While Streamwork is not meant to replace well-established products like Microsoft SharePoint, the company is "committing to StreamWork being the collaboration environment for all of our applications," said Jack Miller, global vice president, global collaboration and cloud analytics.

A basic edition of StreamWork is available at no cost. Paid versions are available starting at US$9 per user per month. The Enterprise Edition includes a behind-the-firewall component that provides features like Active Directory connectivity and single-sign on.

StreamWork, which was first released last year, so far "has been a huge success from our standpoint," with thousands of companies using it today, Miller said.

As for the percentage of paying customers, "I can't really say right now, but it's a good blend," he said. StreamWork has averaged more than 100 percent quarter-over-quarter growth since the product's launch, according to a spokesman.

It seems the software isn't generating massive amounts of revenue for SAP just yet, though, according to one observer.

"What we see is StreamWork generating a lot of interest among the client base, and it's a good showcase of the innovations SAP is capable of," said analyst Ray Wang, CEO of Constellation Research. "What we're not seeing is a lot of paid adoption."

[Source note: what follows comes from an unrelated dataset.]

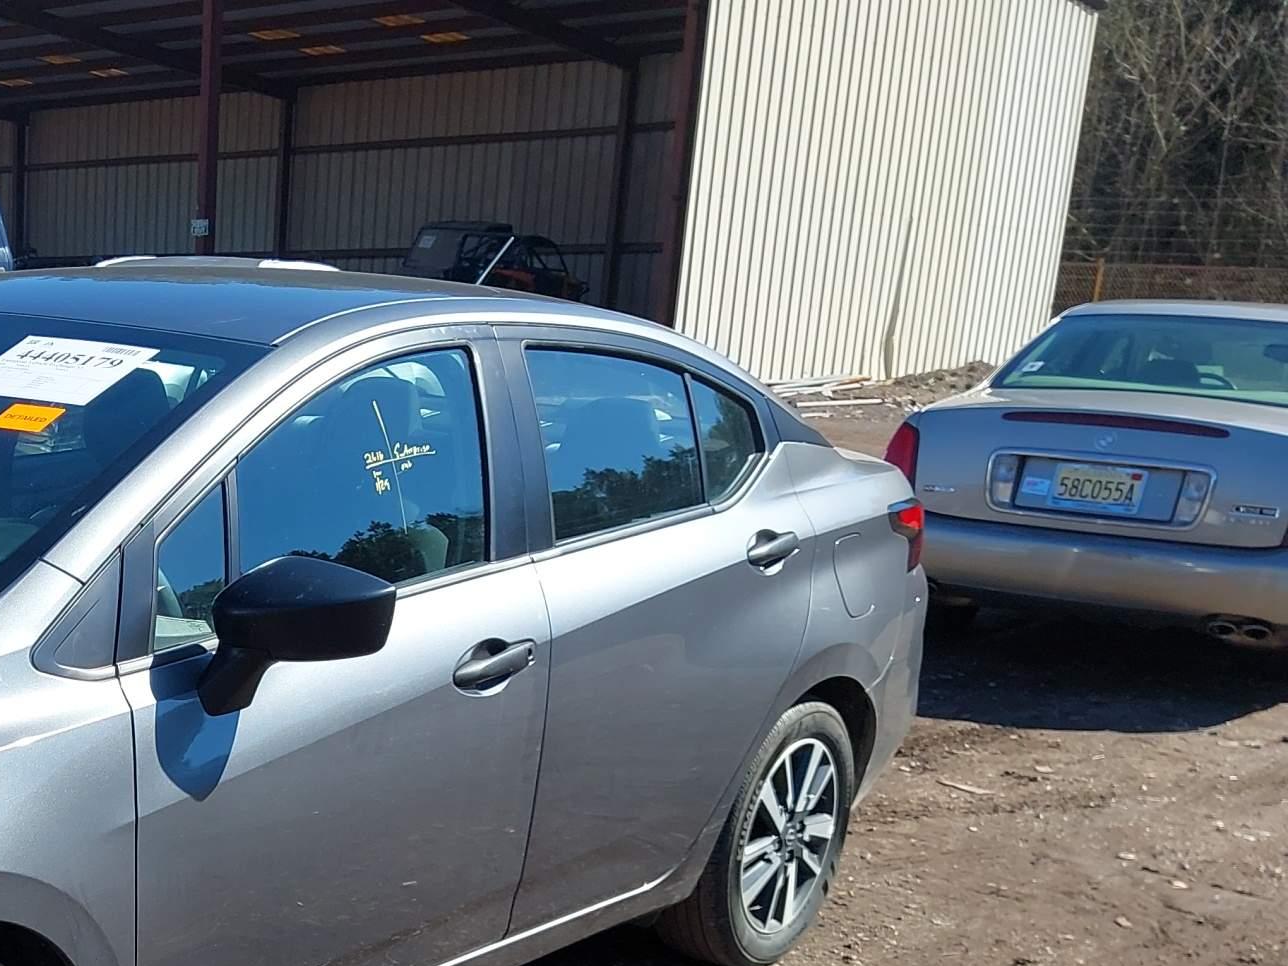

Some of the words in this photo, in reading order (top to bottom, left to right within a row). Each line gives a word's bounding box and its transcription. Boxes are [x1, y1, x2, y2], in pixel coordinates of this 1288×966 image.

[15, 349, 124, 368] 44405179
[4, 413, 48, 422] DETAILED
[1056, 476, 1135, 506] 58C055A

However, SAP's decision to integrate StreamWork with its business software is the right move, since the ability to pull in data from back-end systems will give the tool much more enterprise context, said Jon Reed, an independent analyst who closely tracks SAP.

Reed is a StreamWork user himself, for projects he conducts with other SAP "Mentors," the name given by the vendor to especially involved and prominent community members.

"I see value in it. It's kind of a useful way for a team of people to attack a project and figure out what the next steps are," Reed said. "You're able to push stuff along."

But SAP still has "all kinds of usability stuff they need to address" in StreamWork, Reed added. Some of the improvements he and others have suggested may be coming in a later version, he added.

SAP should be careful not to place too much focus on integration versus improving StreamWork's look and feel, since end-users will have to be dazzled enough to pick it over habitual, more ad-hoc methods of collaboration, according to Reed.

"You want it to be so easy to use that someone would choose it over a conference call or an e-mail thread," he said.